## Data
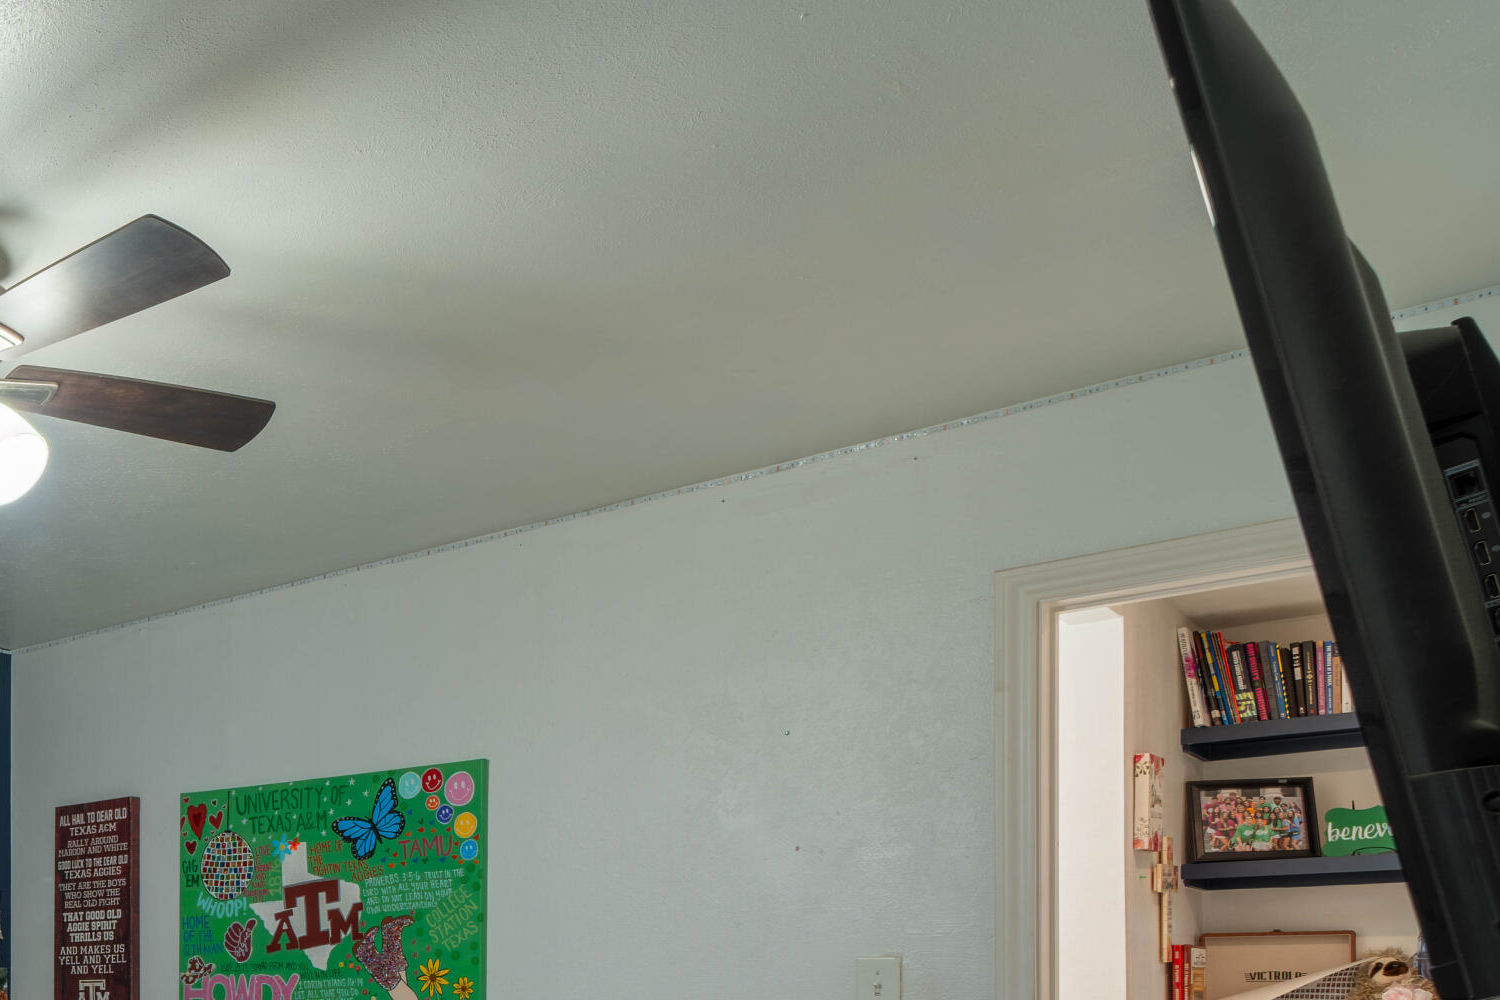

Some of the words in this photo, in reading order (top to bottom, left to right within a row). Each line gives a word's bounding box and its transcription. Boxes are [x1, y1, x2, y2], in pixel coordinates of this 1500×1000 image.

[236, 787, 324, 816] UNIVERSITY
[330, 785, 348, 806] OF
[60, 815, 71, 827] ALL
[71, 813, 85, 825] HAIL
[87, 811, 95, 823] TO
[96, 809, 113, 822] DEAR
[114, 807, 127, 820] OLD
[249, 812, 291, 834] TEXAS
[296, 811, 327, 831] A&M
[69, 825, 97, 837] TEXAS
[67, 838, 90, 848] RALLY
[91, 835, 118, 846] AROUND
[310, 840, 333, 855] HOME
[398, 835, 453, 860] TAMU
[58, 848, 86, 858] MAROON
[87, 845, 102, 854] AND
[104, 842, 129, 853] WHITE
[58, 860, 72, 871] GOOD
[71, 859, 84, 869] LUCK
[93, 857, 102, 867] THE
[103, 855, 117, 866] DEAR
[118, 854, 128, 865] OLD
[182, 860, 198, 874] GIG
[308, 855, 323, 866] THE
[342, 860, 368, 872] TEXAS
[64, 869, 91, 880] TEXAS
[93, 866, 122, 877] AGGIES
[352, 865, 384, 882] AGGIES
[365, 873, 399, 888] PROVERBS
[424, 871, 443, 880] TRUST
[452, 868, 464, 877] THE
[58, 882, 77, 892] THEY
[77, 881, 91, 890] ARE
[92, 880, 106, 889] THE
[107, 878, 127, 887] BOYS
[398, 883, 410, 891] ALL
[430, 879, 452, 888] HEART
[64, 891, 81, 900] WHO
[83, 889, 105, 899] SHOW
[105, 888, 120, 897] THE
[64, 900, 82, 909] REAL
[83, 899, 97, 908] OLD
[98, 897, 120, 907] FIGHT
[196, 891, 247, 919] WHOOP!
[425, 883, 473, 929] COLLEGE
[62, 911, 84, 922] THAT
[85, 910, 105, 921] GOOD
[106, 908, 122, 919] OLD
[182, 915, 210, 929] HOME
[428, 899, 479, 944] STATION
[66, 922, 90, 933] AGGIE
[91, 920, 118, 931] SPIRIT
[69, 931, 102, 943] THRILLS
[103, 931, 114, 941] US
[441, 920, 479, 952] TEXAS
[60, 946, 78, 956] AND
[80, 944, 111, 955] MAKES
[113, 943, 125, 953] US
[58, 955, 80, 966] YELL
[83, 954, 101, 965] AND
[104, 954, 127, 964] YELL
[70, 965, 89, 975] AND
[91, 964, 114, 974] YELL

...

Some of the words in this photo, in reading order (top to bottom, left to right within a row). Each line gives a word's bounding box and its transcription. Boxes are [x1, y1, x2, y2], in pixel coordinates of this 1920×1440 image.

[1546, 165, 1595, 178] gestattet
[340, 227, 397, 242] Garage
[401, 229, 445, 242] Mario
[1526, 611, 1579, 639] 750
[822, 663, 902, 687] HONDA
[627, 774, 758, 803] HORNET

==

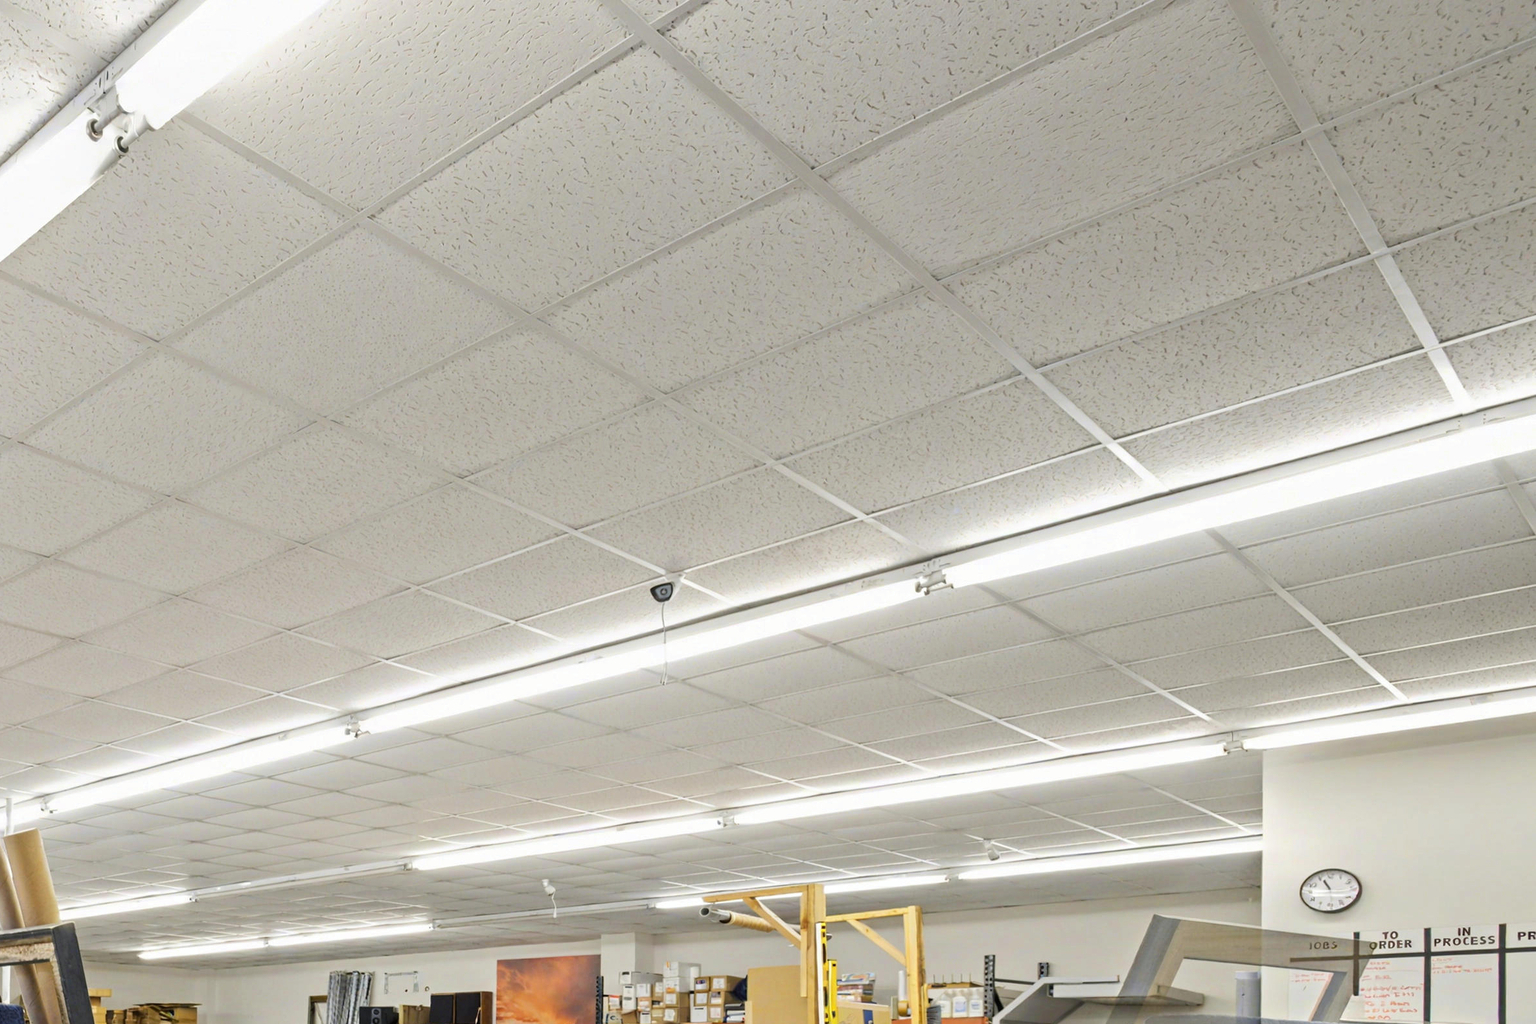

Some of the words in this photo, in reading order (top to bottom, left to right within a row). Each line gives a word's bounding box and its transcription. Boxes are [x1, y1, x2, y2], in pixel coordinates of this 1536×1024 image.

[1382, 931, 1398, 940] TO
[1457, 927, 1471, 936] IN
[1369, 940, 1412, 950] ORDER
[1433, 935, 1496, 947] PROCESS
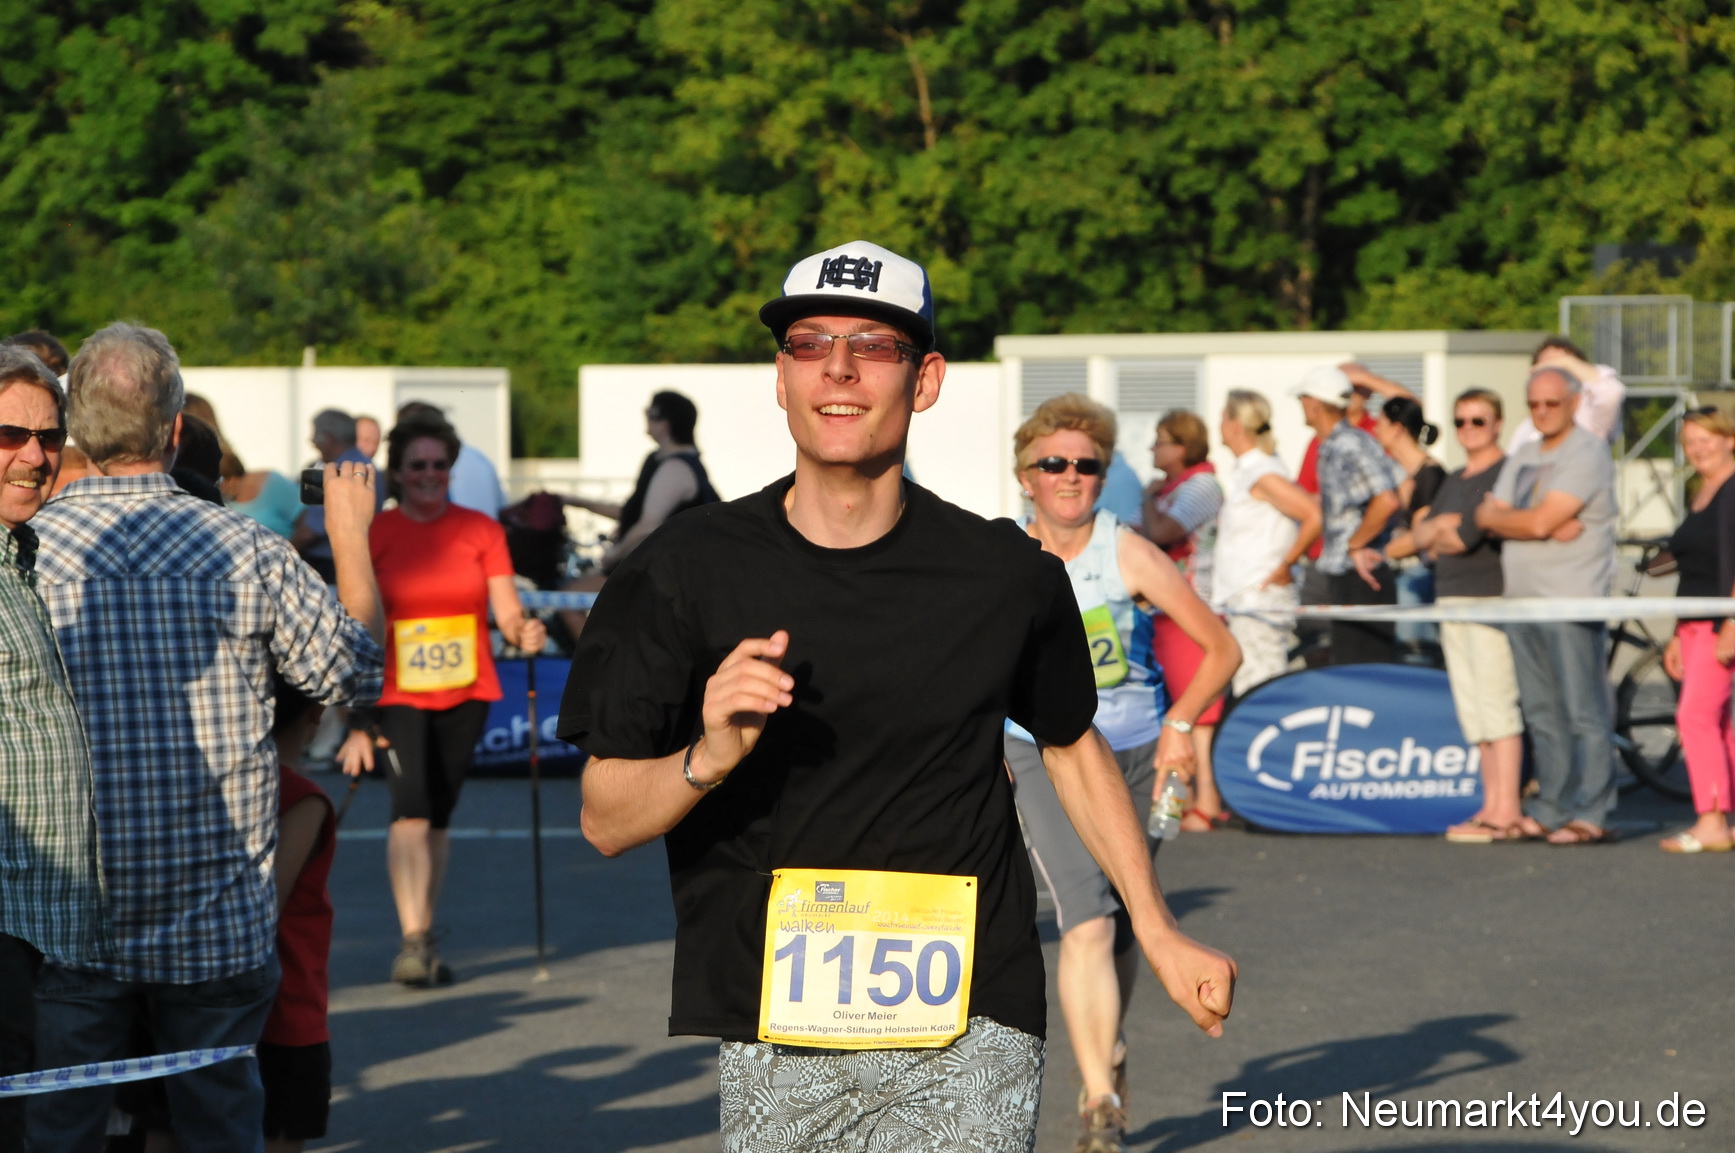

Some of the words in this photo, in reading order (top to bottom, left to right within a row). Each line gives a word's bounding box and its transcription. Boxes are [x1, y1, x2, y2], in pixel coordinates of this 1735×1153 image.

## Task instructions
Respond with the exact lines above running from the one containing "this 1536×1024 image." to the one containing "this 1735×1153 image.", both ends kept and no pictures included.

## Reply to the exercise
Some of the words in this photo, in reading order (top to bottom, left to right within a row). Each line gives a word's bounding box and its transcription. Boxes are [x1, y1, x2, y2], in pixel coordinates of this 1536×1024 image.

[1382, 931, 1398, 940] TO
[1457, 927, 1471, 936] IN
[1369, 940, 1412, 950] ORDER
[1433, 935, 1496, 947] PROCESS

Some of the words in this photo, in reading order (top to bottom, left to right within a row). Each line gives a word's bounding box and its transcription. Boxes are [x1, y1, x2, y2], in pixel coordinates of this 1735×1153 image.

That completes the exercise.